A one-pass assembler, on the other hand, could generate a skeleton of the GOTO machine instruction the first time it saw GOTO L. It could then append the machine address for this instruction to a list of instructions to be backpatched once the machine address for $\mathrm{L}$ is determined. For example, when the assembler encounters a statement such as
it scans the list of statements referring to $L$ and places the machine address for statement L: ADD X in the address field of each such instruction. Subsequent assembly instructions referring to $\mathrm{L}$ can have the value for $\mathrm{L}$ substituted immediately.

电子代写|编译器代写Compilers代考|Lexical Analysis

The lexical analyzer is the interface between the source program and the compiler. The lexical analyzer reads the source program one character at a time, carving the source program into a sequence of atomic units called tokens. Each token represents a sequence of characters that can be treated as a single logical entity. Identifiers, keywords, constants, operators, and punctuation symbols such as commas and parentheses are typical tokens. For example, in the FORTRAN statement
we find the following eight tokens: IF; (; 5; .EQ.; MAX; ); GOTO; 100 .
What is called a token depends on the language at hand and, to some extent, on the discretion of the compiler designer; but in general each token is a substring of the source program that is to be treated as a single unit. For example, it is not reasonable to treat $\mathrm{M}$ or MA (of the identifier MAX above) as an independent entity.

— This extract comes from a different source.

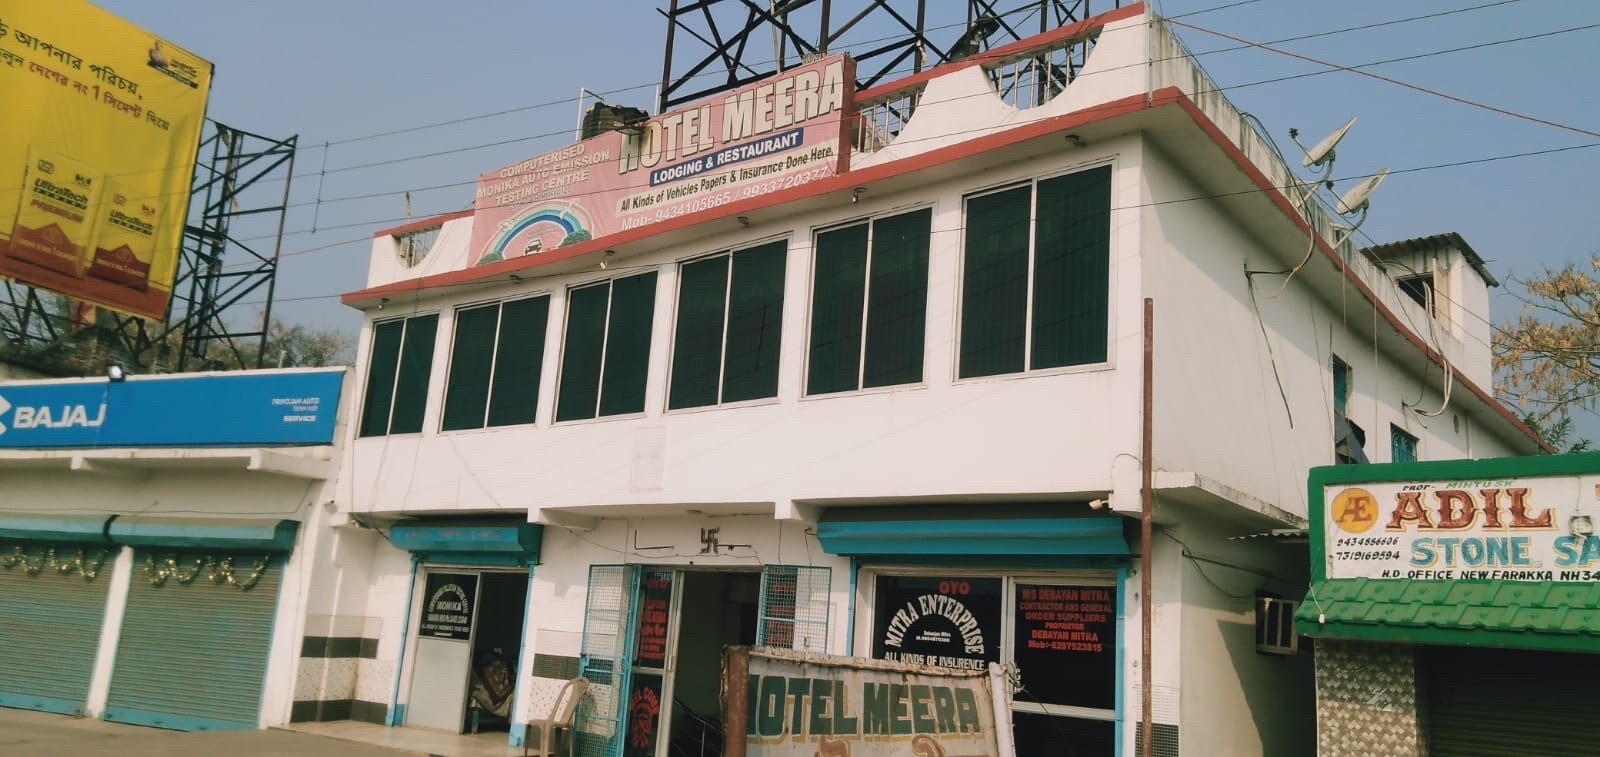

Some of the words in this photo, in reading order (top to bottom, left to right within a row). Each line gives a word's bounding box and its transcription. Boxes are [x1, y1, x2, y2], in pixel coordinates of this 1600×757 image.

There are two kinds of token: specific strings such as IF or a semicolon, and classes of strings such as identifiers, constants, or labels. To handle both cases, we shall treat a token as a pair consisting of two parts: a token type and a token value. For convenience, a token consisting of a specific string such as a semicolon will be treated as having a type (the string itself) but no value. A token such as the identifier MAX, above, has a type “identifier'” and a value consisting of the string MAX. Frequently, we shall refer to the type or value as the token itself. Thus, when we talk about identifier being a token, we are referring to a token type; when we talk about MAX being a token, we are referring to a token whose value is MAX.